Stored data entries:
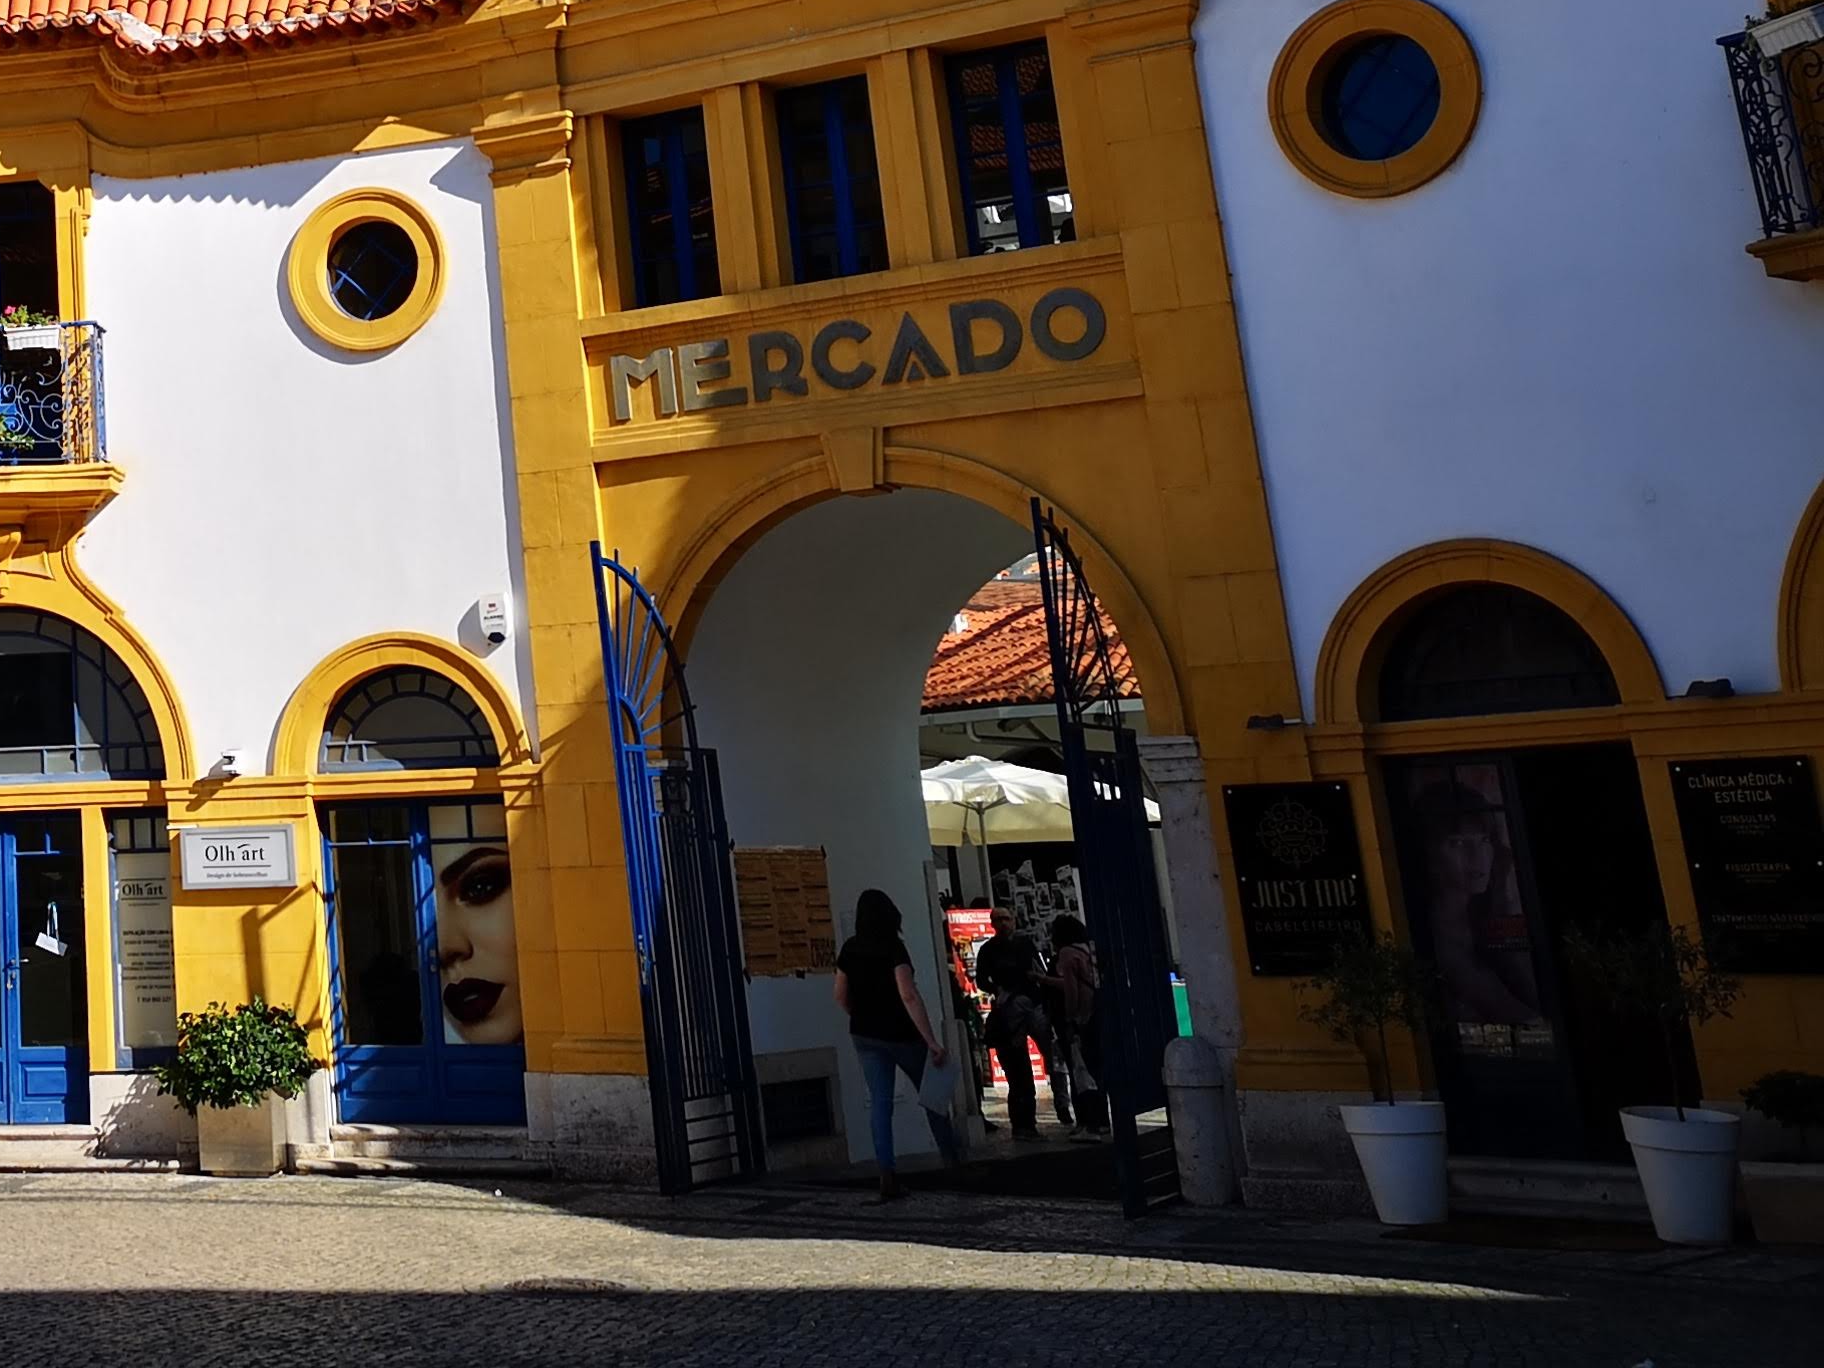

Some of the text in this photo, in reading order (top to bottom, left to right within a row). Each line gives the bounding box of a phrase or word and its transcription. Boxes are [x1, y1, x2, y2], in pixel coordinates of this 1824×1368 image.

[610, 287, 1107, 421] MERCADO
[1687, 774, 1734, 789] CLÍNICA
[1738, 772, 1786, 787] MÉDICA
[1714, 789, 1773, 804] ESTÉTICA
[1251, 879, 1308, 909] JUST
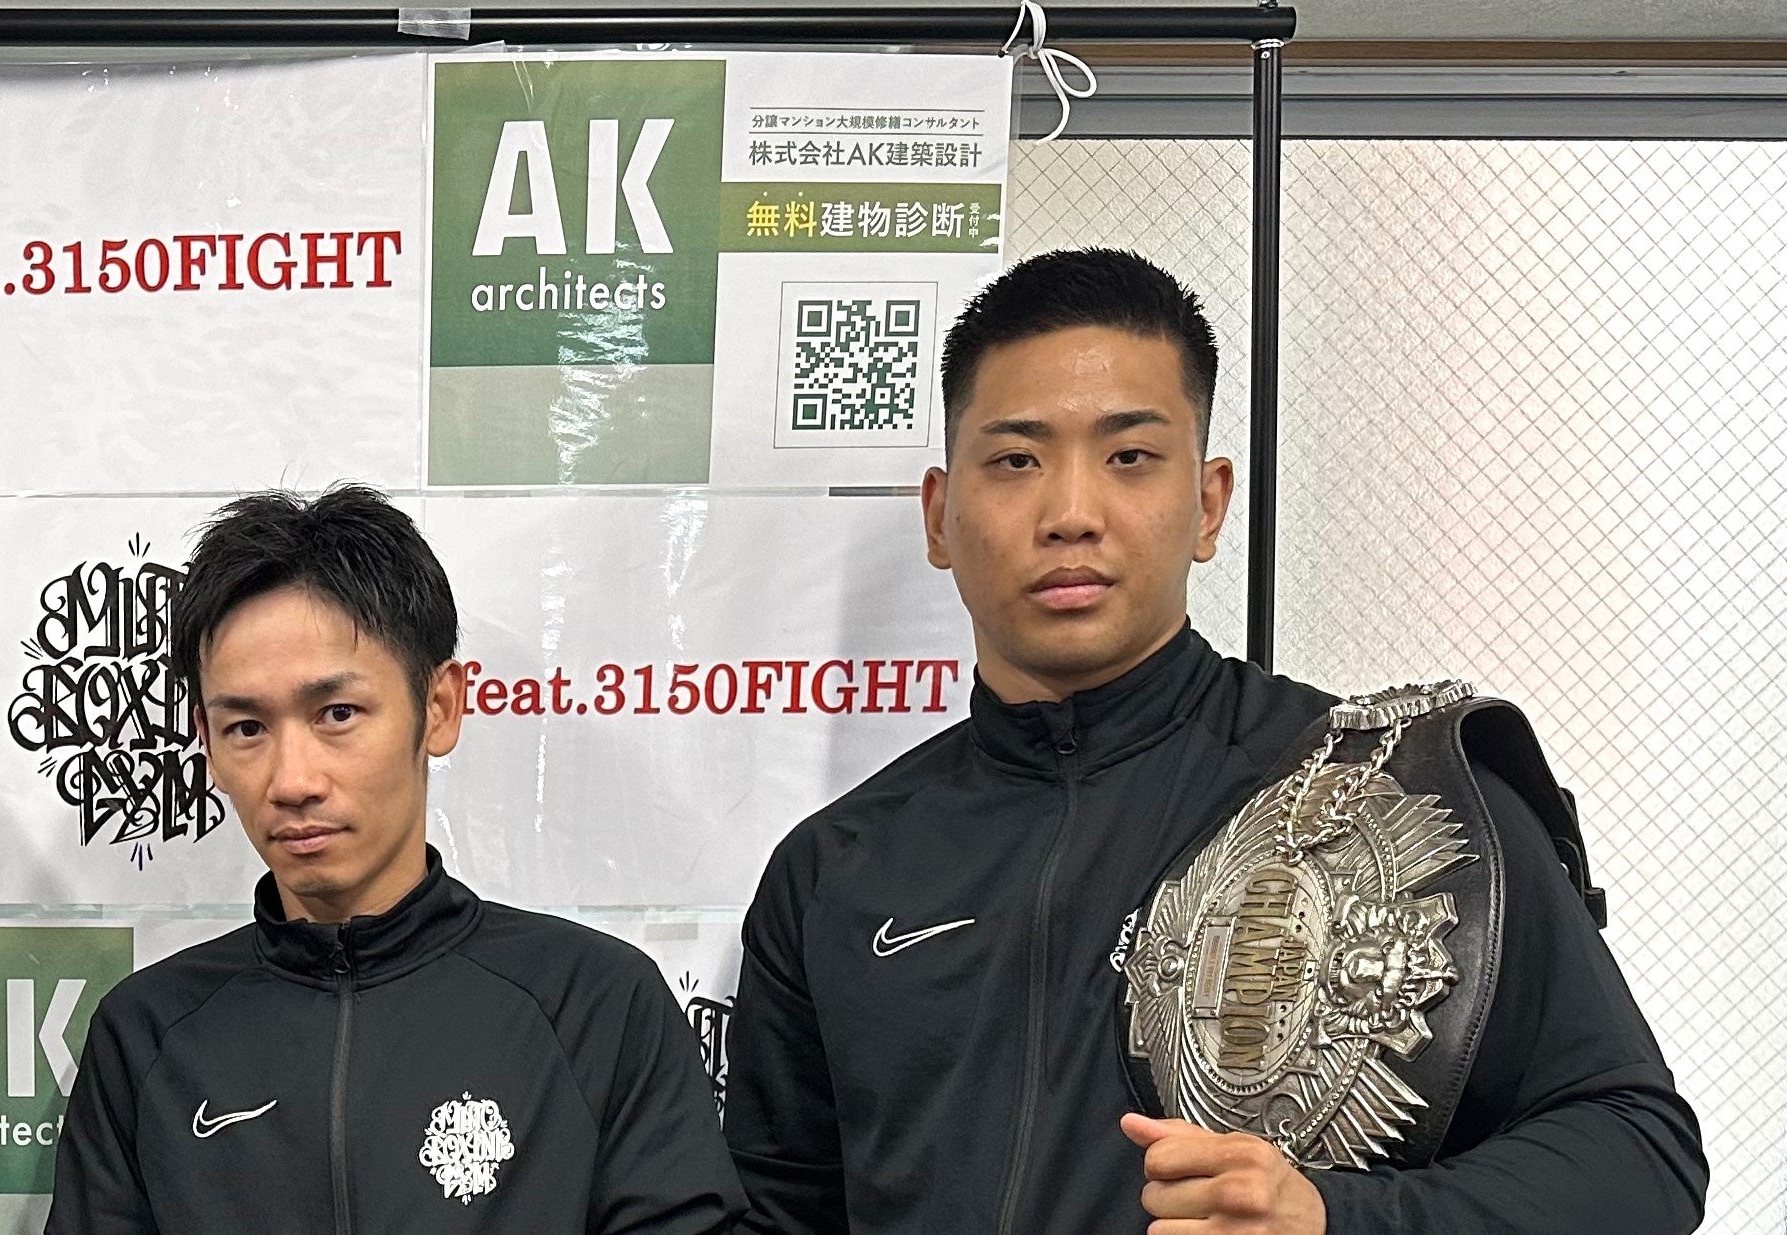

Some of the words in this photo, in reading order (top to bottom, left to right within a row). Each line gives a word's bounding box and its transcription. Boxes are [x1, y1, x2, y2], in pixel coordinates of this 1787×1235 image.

The task » All of the lines above must be printed again exactly, and no picture may appear in the copy.

Expected output »
Some of the text in this photo, in reading order (top to bottom, left to right within a row). Each line gives the bounding box of a phrase or word and its transcription. Boxes are [x1, y1, x2, y2], in pixel coordinates of this 1824×1368 image.

[610, 287, 1107, 421] MERCADO
[1687, 774, 1734, 789] CLÍNICA
[1738, 772, 1786, 787] MÉDICA
[1714, 789, 1773, 804] ESTÉTICA
[1251, 879, 1308, 909] JUST

Some of the words in this photo, in reading order (top to bottom, left to right within a row). Each line gives a word's bounding box and its transcription. Boxes are [x1, y1, x2, y2], in pixel coordinates of this 1787×1235 image.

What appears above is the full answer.